[Phrase grounding data]
------------------------------------------------
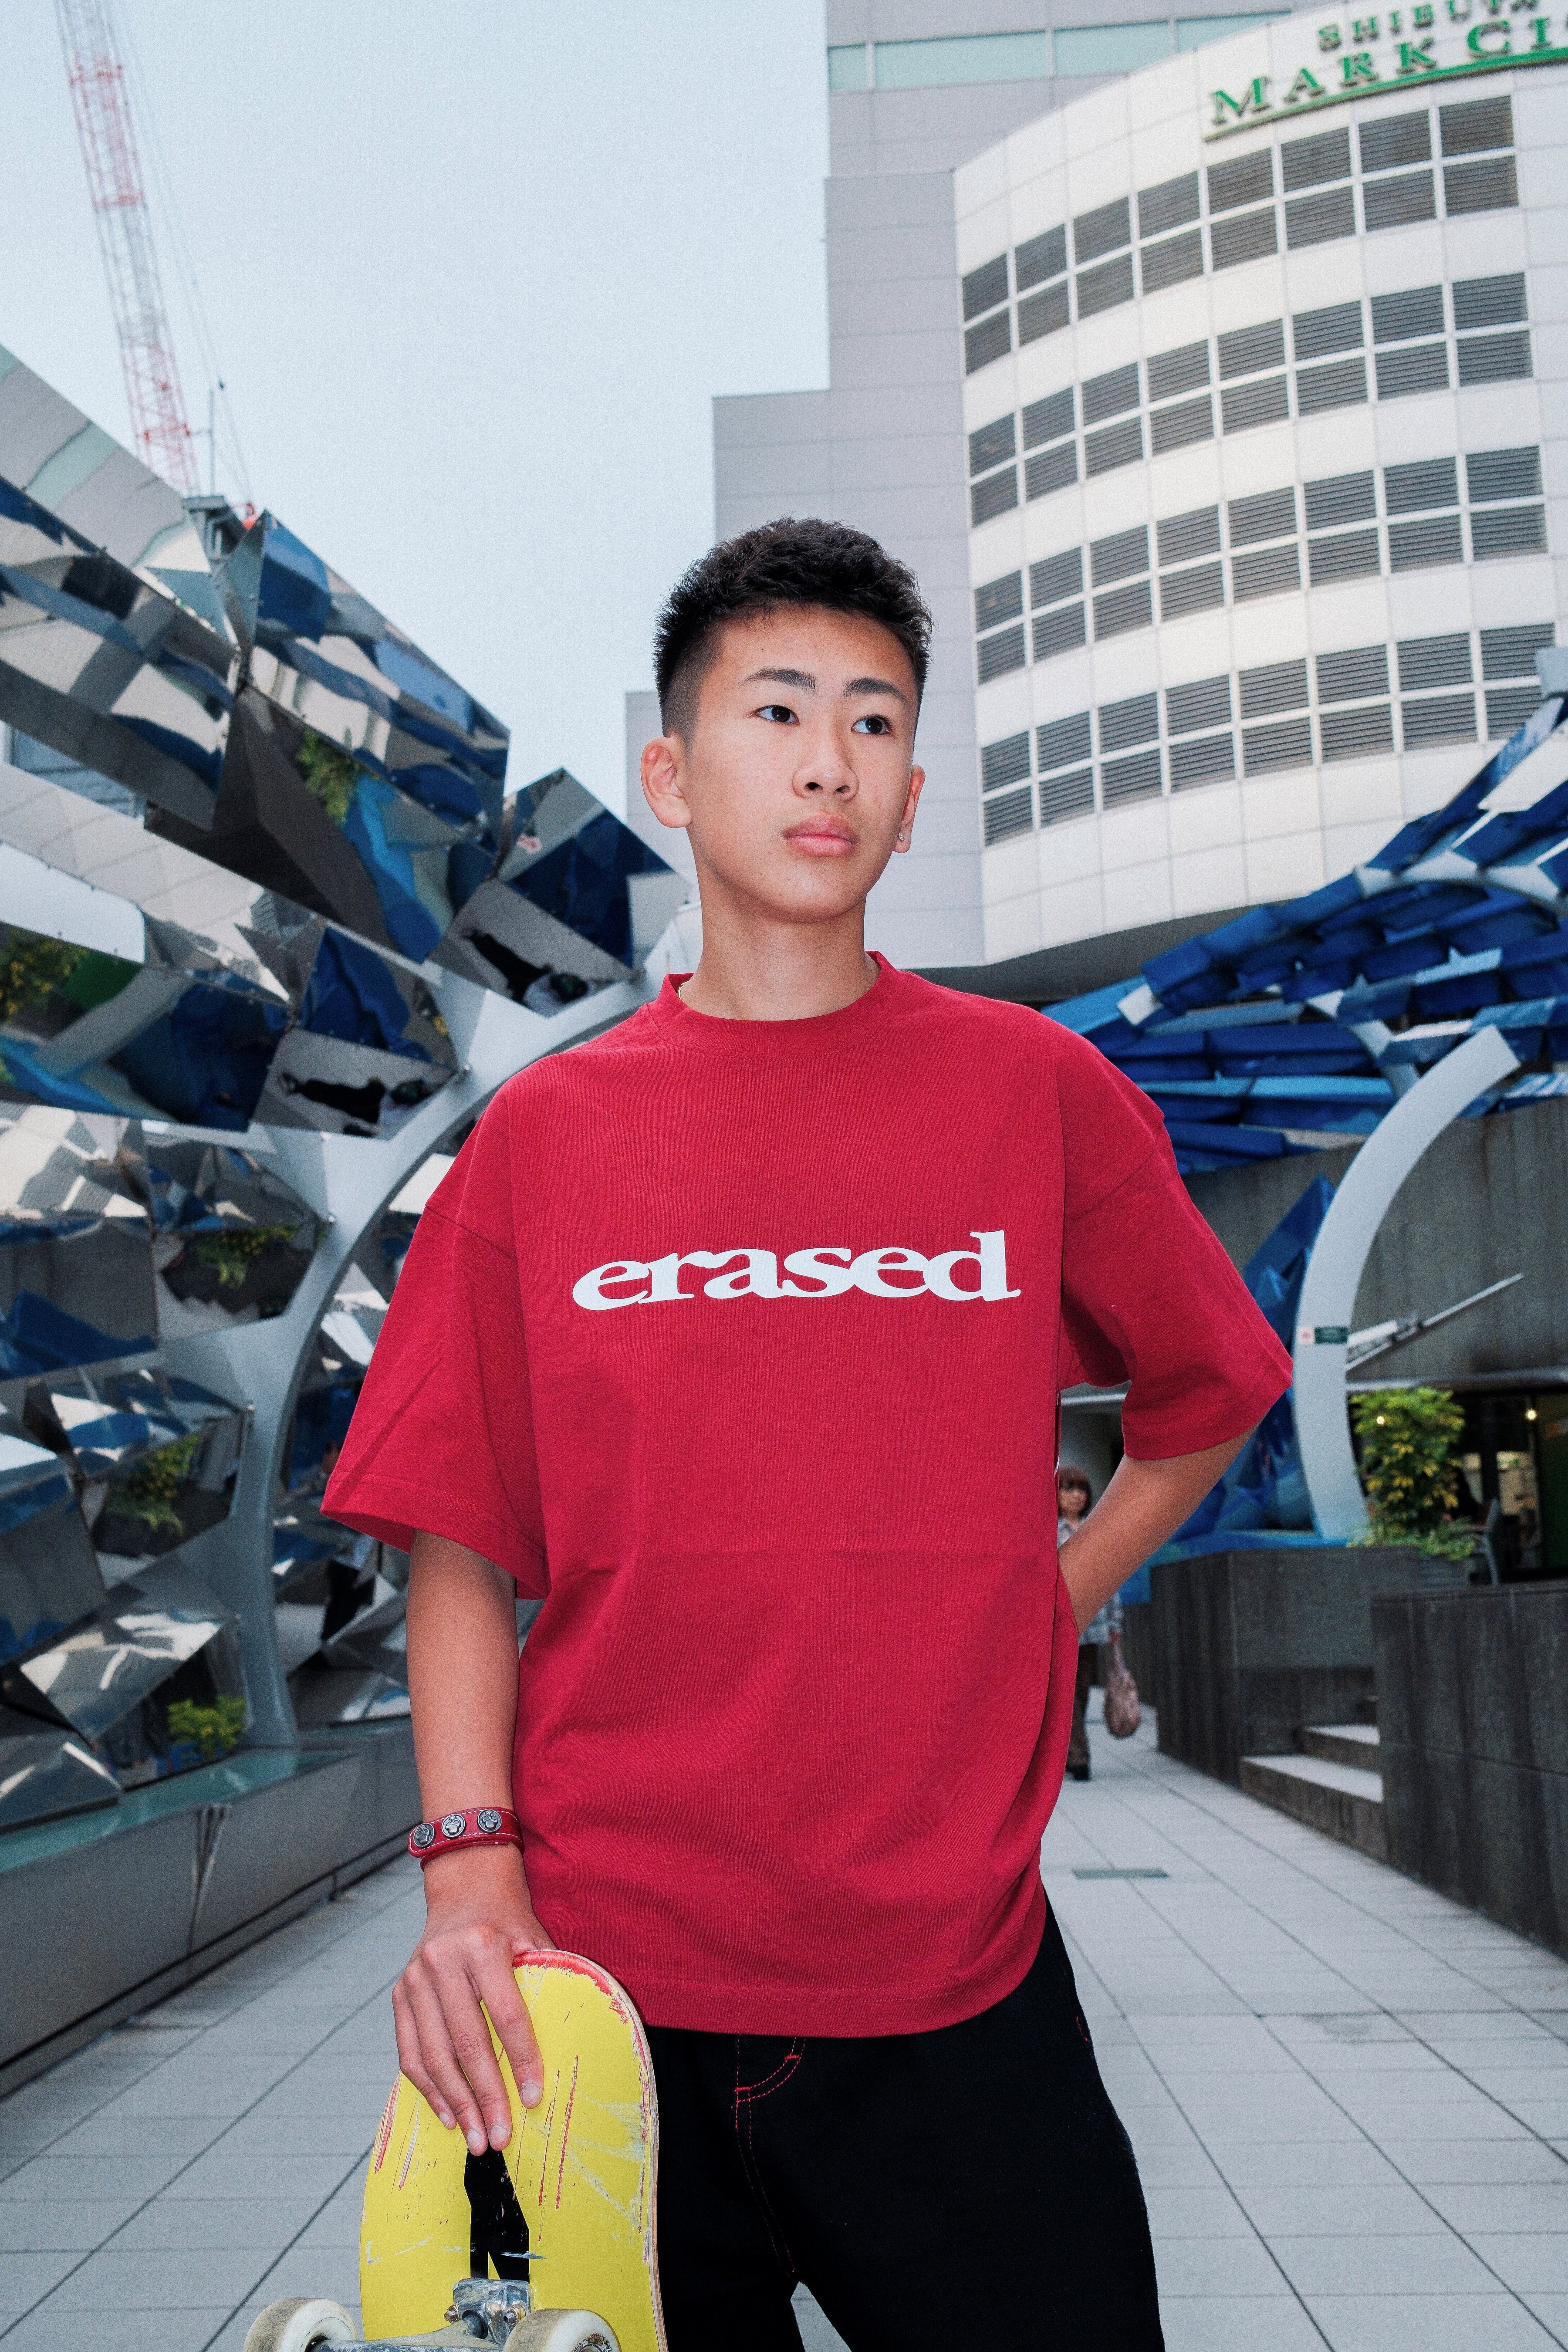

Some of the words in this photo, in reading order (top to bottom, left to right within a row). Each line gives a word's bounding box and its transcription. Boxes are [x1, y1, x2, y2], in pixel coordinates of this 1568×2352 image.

[1210, 36, 1436, 125] MARK
[1467, 14, 1568, 59] CI
[572, 1230, 1021, 1311] erased
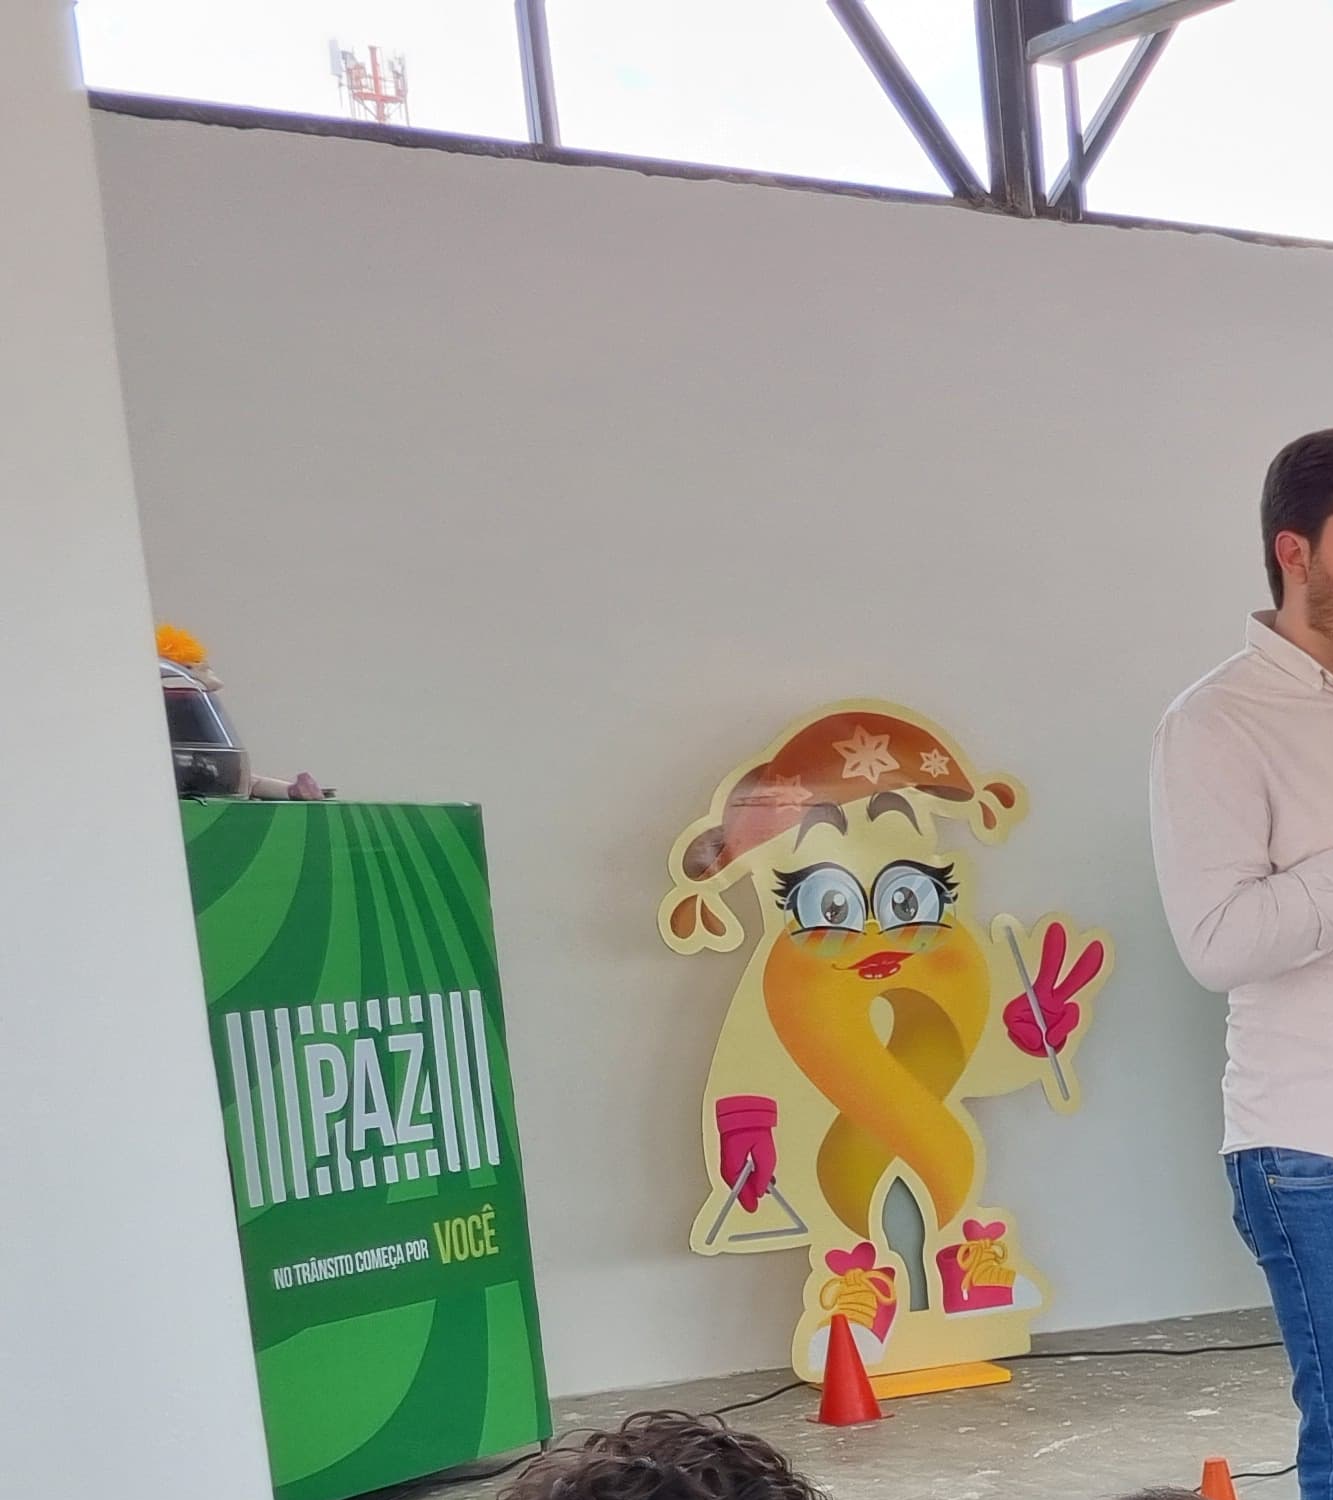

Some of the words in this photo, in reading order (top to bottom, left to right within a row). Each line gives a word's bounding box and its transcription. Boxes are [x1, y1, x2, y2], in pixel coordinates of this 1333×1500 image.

[304, 1032, 434, 1158] PAZ
[273, 1266, 293, 1290] NO
[293, 1254, 354, 1285] TRÂNSITO
[355, 1245, 405, 1273] COMEÇA
[406, 1239, 429, 1263] POR
[433, 1203, 499, 1264] VOCÊ
------------------------------------------------
• **THE TASK**
With the images omitted, output all entries exactly as given.

• **WRITTEN ANSWER**
Some of the words in this photo, in reading order (top to bottom, left to right within a row). Each line gives a word's bounding box and its transcription. Boxes are [x1, y1, x2, y2], in pixel coordinates of this 1568×2352 image.

[1210, 36, 1436, 125] MARK
[1467, 14, 1568, 59] CI
[572, 1230, 1021, 1311] erased

Some of the words in this photo, in reading order (top to bottom, left to right within a row). Each line gives a word's bounding box and its transcription. Boxes are [x1, y1, x2, y2], in pixel coordinates of this 1333×1500 image.

[304, 1032, 434, 1158] PAZ
[273, 1266, 293, 1290] NO
[293, 1254, 354, 1285] TRÂNSITO
[355, 1245, 405, 1273] COMEÇA
[406, 1239, 429, 1263] POR
[433, 1203, 499, 1264] VOCÊ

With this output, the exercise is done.